Bernard Laporte a donné son soutien au projet des présidents de clubs (UCPF): sur la forme, car "juridiquement, il n'y aurait aucun obstacle à ce que les présidents de clubs disposent (.
Dans son courrier à Frédéric Thiriez, le secrétaire d'Etat a néanmoins jugé qu'il ne lui semblait "pas opportun de s'engager sur cette voie, du moins dans l'immédiat". "Une telle réforme pourrait en revanche être menée à l'occasion du prochain renouvellement du conseil d'administration" de la LFP, soit en 2012.
Bernard Laporte demande aussi "le maintien d'un certain équilibre entre les différentes familles d'acteurs, notamment pour la désignation des membres indépendants".
"Cette position me paraît raisonnable", a répondu Frédéric Thiriez, qui a aussitôt annoncé son intention de convoquer une assemblée extraordinaire de la Ligue, le 14 novembre, "suite à la demande des clubs (formulée en septembre) et conformément aux statuts".
D'ici là, il souhaite "travailler ensemble, avec les représentants de l'UCPF et des familles, à des solutions qui soient acceptées par tous".
"Le football français a suffisamment de retard, il n'y a pas de temps à perdre", avait réagi le président de l'UCPF, Jean-Pierre Louvel, sitôt connue la position du secrétaire d'Etat. "Bernard Laporte confirme que ce que nous avons proposé est légal, avait précisé le président du Havre. Il y a un désaccord sur le temps, pas sur le fond."
L'UNFP et les autres syndicats (arbitres, entraîneurs et médecins) ont de leur côté reconduit leur appel à la grève (les 24, 25 et 26 octobre pour les 10e journée de L1, comprenant OM-PSG, et la 12e de L2), faisant une autre lecture de la lettre de l'ancien sélectionneur du XV de France.
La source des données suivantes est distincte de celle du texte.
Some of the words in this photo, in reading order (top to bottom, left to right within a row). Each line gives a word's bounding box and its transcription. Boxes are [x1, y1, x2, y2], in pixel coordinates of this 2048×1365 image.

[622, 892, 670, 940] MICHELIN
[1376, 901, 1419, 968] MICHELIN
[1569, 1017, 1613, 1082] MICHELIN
S'ils saluent "le sens du consensus et du dialogue" de Bernard Laporte, car "il n'y a aucune urgence en la matière, si ce n'est celle de s'asseoir autour d'une table pour discuter", ils se disent "indignés par les prises de position de Frédéric Thiriez et de l'UCPF qui, malgré l'avis du ministre, veulent tout de même mener la réforme à tout prix et dans les plus brefs délais".
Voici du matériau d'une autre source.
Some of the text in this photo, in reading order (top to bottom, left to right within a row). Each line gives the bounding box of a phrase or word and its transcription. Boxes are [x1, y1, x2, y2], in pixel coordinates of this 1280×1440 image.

"Voilà qui est symptomatique du comportement des présidents de clubs et prouve que nous avons tout lieu de nous inquiéter si, d'aventure, ceux-ci obtiennent la majorité au sein du CA de la Ligue, jugent les syndicats. Si le syndicat des présidents ne tient même pas compte de l'avis du ministre de tutelle, que pèseront, demain, les autres familles dans le fonctionnement du football professionnel français?"